Vier simpele huisjes en dan zo'n geschiedenis! Een oude stad verbergt soms zijn verhalen heel goed. In de middeleeuwen hadden de nonnen van het Abraham Doleklooster via een onderaardse gang toegang tot hun pesthuis. Daardoor hoefden ze niet in het openbaar deze steeg over te steken. Tegen de westgevel van dit pesthuisje werden in het begin van de 17e eeuw, vermoedelijk op de plaats van oudere bebouwing, vier kameren gebouwd. Zoals het bij dit huistype hoort, zo simpel mogelijk. De kameren waren twee aan twee gespiegeld, waardoor ze de stookplaatsen ruggelings tegen een stenen tussen muur konden krijgen. Het achterste deel van deze muur was op een grondboog gemetseld vanwege de beerput (voor steeds twee huisjes). De middelste woningscheiding kon daarom simpelweg uitgevoerd worden in vakwerk. De fundering daarvan was wel stevig, en bij het bouwhistorisch onderzoek kwam daaronder een kostbare zilveren munt te voorschijn, een dukaton uit 1665. Bij deze opzet hoort het gevelritme ingang-venster-venster-ingang (enz.). Ook aan de achterkant hadden ze een ingang en een venster, maar al snel werd het venster gedicht om daar tegen de muur een bedstede te kunnen plaatsen. Voor meer licht werd het bovenlicht boven de achterdeur verbreed. De kameren waren in hun soort redelijk groot. De enkelvoudige balklaag van grenen lag op ruim 3 m hoogte boven de vloer, maar had eiken sleutelstukken. Het zadeldak stond op grenen spanten.

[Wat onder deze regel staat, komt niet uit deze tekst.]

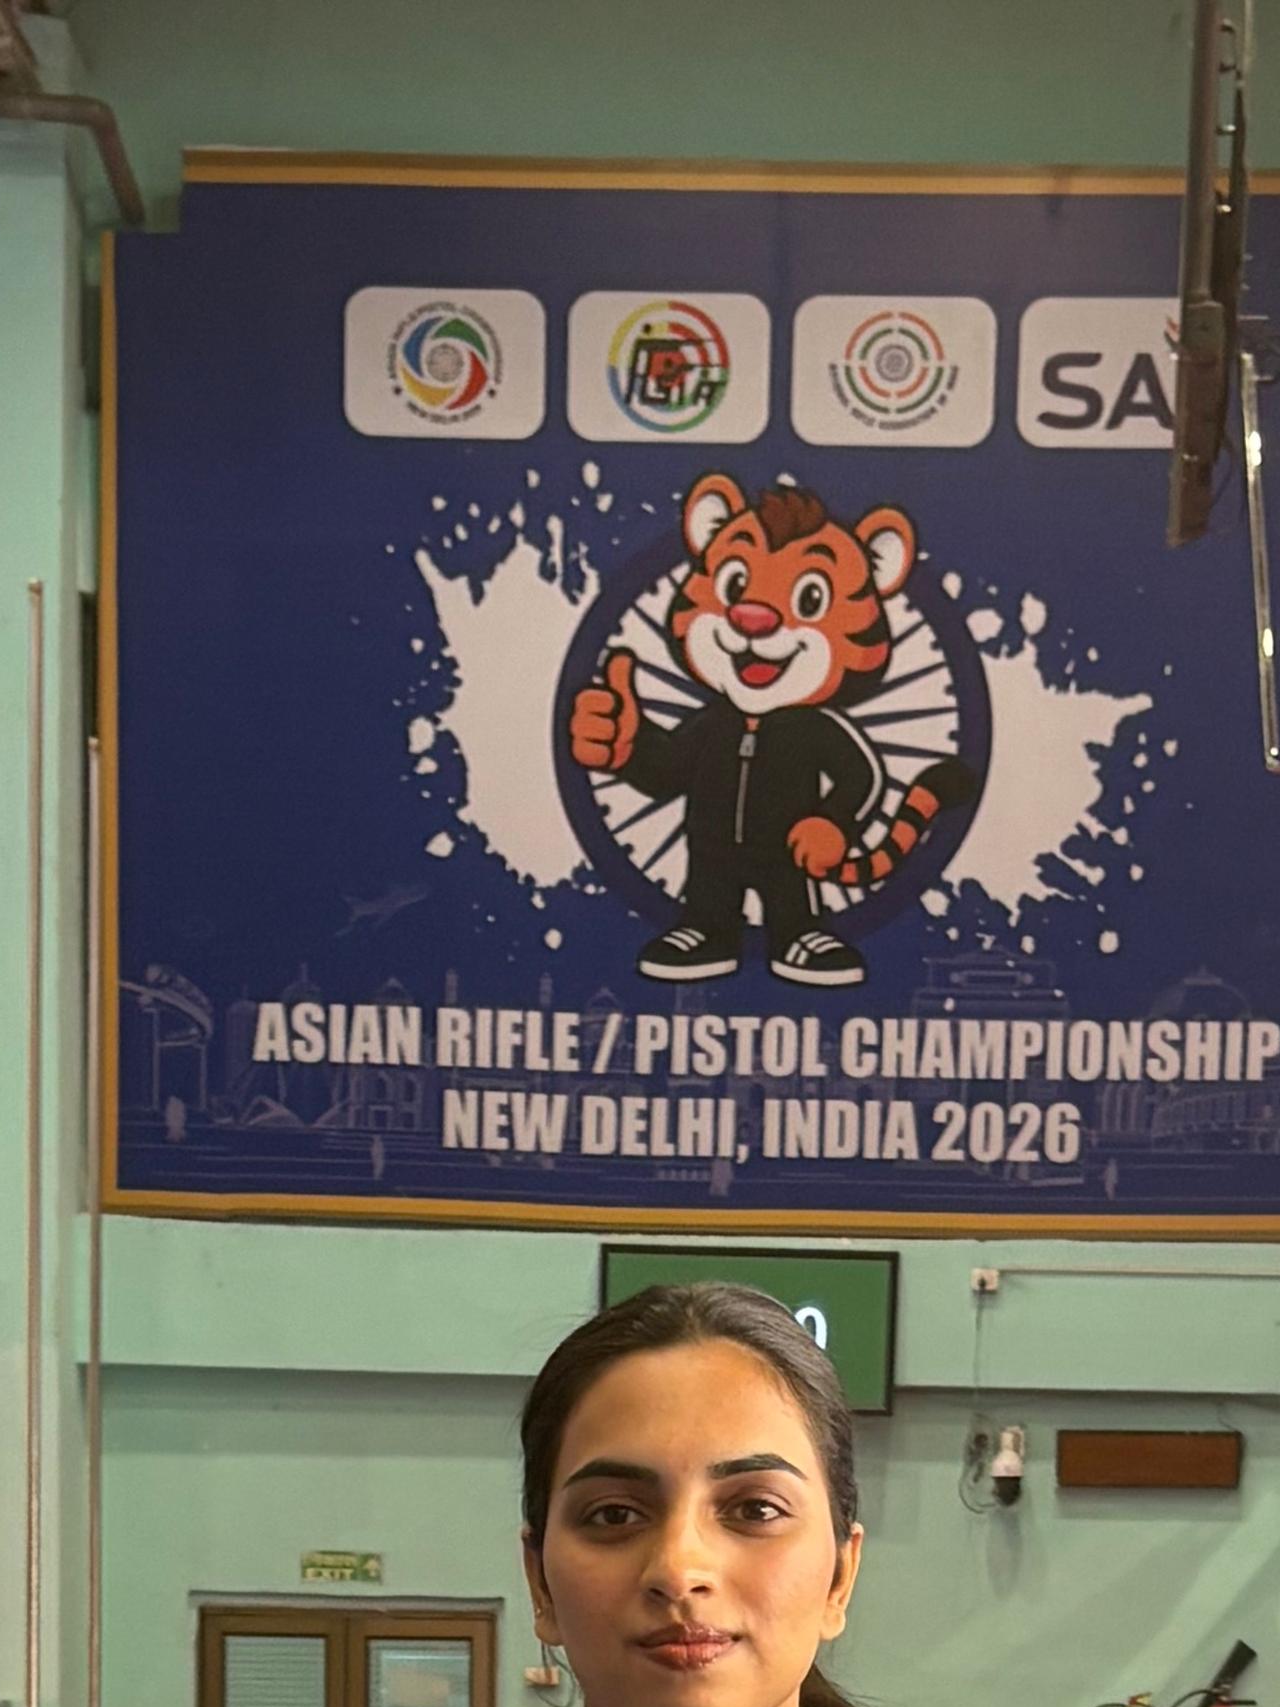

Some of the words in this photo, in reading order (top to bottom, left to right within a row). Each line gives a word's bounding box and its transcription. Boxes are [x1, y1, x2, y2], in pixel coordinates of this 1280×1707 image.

[252, 1002, 419, 1067] ASIAN
[436, 1007, 580, 1073] RIFLE
[591, 1013, 620, 1075] /
[634, 1013, 829, 1079] PISTOL
[442, 1089, 569, 1155] NEW
[580, 1095, 749, 1164] DELHI,
[761, 1098, 920, 1161] INDIA
[930, 1101, 1083, 1164] 2026

De huisjes worden in de 18e en 19e eeuw verbouwd en gaan steeds meer een eigen leven leiden. Zo wordt nummer 17 een werkplaats. Op enkele zolders komt een toilet, in nummer 15 met een gietijzeren trechter met zwanenhals in een ouderwetse poepdoos.
In 1984 worden de vier onbewoonbare huisjes verbouwd tot twee woningen.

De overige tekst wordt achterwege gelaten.